4-Säfte-Lehre gilt heute nicht mehr als besonders aktuell. Anthroposophie ist umstritten. Waldrofpädagogik ist umstritten. Astrologie ist umstritten. - Um es positiv auszudrücken.
"Ach Gott, jetzt auch noch Sternzeichen!", war mein erster Gedanke. Ja, ich kenne Menschen, die auf Horoskope und Tierkreiszeichen schwören und danach Menschen beurteilen oder ihre Tagesgeschäfte ausrichten. Konkret habe ich eine Kollegin, die neulich im Lehrerzimmer stand und in meinem Beisein laut verkündete, dass Löwen (nein, nicht die Tiere) keine Lehrer sein sollten, die wären zu dominant und zu cholerisch und würden arme Kinder traumatisieren. Sie ahnt trotz ihrer Selbstsicherheit und "tierkreisischen" Erfahrung (und des im Lehrerzimmer hängenden Geburtstagskalenders) bis heute nicht, welches Sternzeichen ich habe, denn bei mir ist sie sich sicher, dass ich eine gute Lehrerin bin.
Zitat von elefantenflip
Wenn man davon ausgeht, dass der Mond Auswirkungen haben kann, kann er eben auch Auswirkungen auf die Lehrkraft haben. Es könnte ja auch sein, dass alleine die Einstellung der Lehrerin zum Mond und die erwartete Schülerreaktion eine andere Erwartungshaltung der Lehrerin zur Folge haben....... und eine selbsterfüllende Prophezeiung in Gang setzen. ...

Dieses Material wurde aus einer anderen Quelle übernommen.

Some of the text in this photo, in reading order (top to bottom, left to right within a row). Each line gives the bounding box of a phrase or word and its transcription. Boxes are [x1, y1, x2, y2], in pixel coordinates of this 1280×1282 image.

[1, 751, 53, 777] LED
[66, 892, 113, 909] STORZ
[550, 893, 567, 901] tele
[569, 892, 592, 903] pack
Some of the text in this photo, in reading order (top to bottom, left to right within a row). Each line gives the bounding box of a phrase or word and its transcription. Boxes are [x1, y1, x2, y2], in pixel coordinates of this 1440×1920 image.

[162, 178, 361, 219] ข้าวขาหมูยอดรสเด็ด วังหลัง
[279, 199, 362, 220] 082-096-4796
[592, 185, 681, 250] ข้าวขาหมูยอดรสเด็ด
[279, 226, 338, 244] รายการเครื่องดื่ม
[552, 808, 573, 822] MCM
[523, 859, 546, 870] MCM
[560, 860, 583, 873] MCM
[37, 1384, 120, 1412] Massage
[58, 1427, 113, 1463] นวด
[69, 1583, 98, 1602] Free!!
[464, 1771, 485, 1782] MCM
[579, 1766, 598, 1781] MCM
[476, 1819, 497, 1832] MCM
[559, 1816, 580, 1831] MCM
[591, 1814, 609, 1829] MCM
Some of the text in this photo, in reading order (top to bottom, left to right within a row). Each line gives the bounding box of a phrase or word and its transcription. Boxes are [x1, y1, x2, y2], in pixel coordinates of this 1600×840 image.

Das ist ein sehr guter Gedanke, denn davor ist leider keiner gefeit, auch nicht Barbara Gloetz.
Mir fiel sofort Freitag, der 13. ein als ein Beispiel sich selbst erfüllender Prophezeihungen. Und schwarze Katzen.
Ich gehe jetzt mal schulinternes Curriculum schreiben, damit ich morgen in der Fachkonferenz nicht mit schwarzen Katzen werfen muss, um mich vor dem Zorn der anderen zu schützen.